━━━━━ EXERCISE MATERIALS ━━━━━
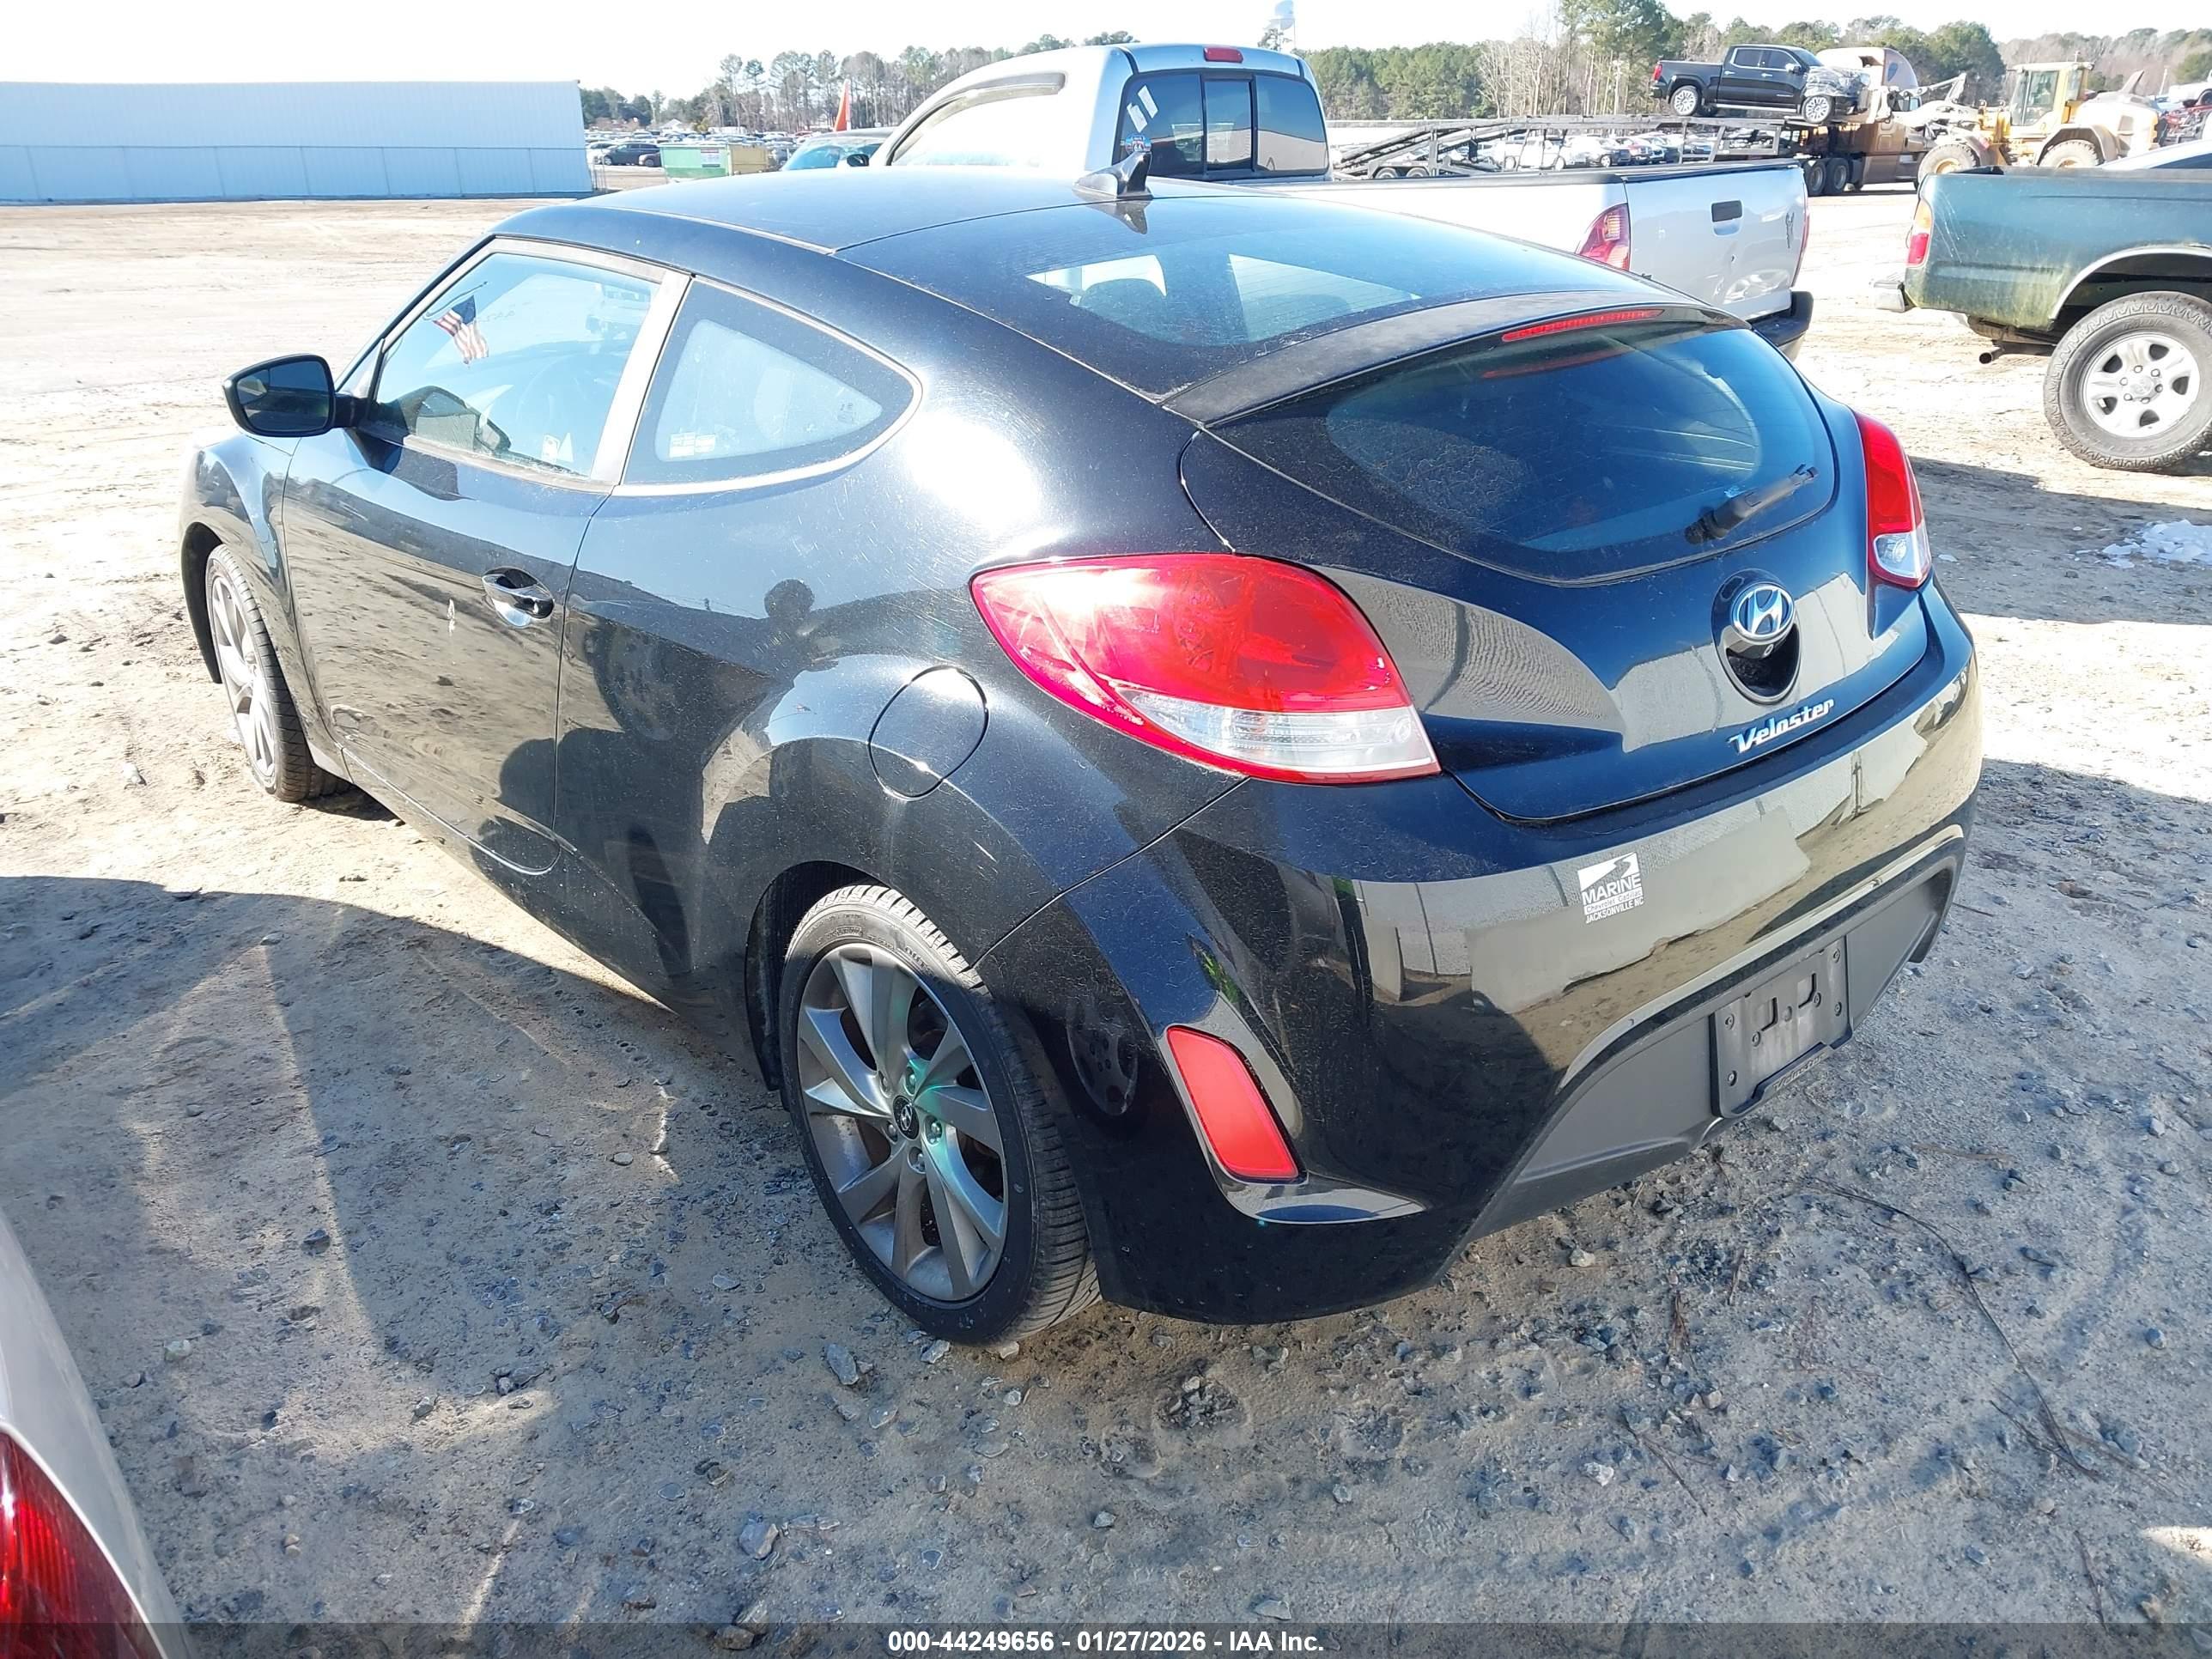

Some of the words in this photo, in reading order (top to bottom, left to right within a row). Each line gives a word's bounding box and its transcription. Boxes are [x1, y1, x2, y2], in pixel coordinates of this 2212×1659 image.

[1728, 698, 1834, 753] Veloster
[1581, 872, 1642, 906] MARINE
[1586, 899, 1634, 924] JACKSONVILLE
[1634, 896, 1644, 907] NC
━━━━━
▶ [WHAT TO DO]:
Retype the whole listing, keeping every line identical and omitting all pictures.

▶ [TASK ANSWER]:
Some of the words in this photo, in reading order (top to bottom, left to right within a row). Each line gives a word's bounding box and its transcription. Boxes are [x1, y1, x2, y2], in pixel coordinates of this 2212×1659 image.

[1728, 698, 1834, 753] Veloster
[1581, 872, 1642, 906] MARINE
[1586, 899, 1634, 924] JACKSONVILLE
[1634, 896, 1644, 907] NC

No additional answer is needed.